[About this exercise] Exact repetition of every entry is required.

Data shown: Begin

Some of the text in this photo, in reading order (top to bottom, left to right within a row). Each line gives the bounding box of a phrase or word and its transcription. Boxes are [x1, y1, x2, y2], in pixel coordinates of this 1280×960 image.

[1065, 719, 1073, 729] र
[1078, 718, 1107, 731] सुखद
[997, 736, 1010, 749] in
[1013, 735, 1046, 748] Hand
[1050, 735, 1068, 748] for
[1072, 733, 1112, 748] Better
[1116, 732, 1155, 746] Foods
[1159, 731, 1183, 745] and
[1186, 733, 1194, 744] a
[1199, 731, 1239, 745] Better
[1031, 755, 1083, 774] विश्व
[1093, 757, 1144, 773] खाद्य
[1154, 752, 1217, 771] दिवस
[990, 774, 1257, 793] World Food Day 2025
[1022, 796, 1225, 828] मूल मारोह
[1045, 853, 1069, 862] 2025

Data shown: End

[Answer space]
Some of the text in this photo, in reading order (top to bottom, left to right within a row). Each line gives the bounding box of a phrase or word and its transcription. Boxes are [x1, y1, x2, y2], in pixel coordinates of this 1280×960 image.

[1065, 719, 1073, 729] र
[1078, 718, 1107, 731] सुखद
[997, 736, 1010, 749] in
[1013, 735, 1046, 748] Hand
[1050, 735, 1068, 748] for
[1072, 733, 1112, 748] Better
[1116, 732, 1155, 746] Foods
[1159, 731, 1183, 745] and
[1186, 733, 1194, 744] a
[1199, 731, 1239, 745] Better
[1031, 755, 1083, 774] विश्व
[1093, 757, 1144, 773] खाद्य
[1154, 752, 1217, 771] दिवस
[990, 774, 1257, 793] World Food Day 2025
[1022, 796, 1225, 828] मूल मारोह
[1045, 853, 1069, 862] 2025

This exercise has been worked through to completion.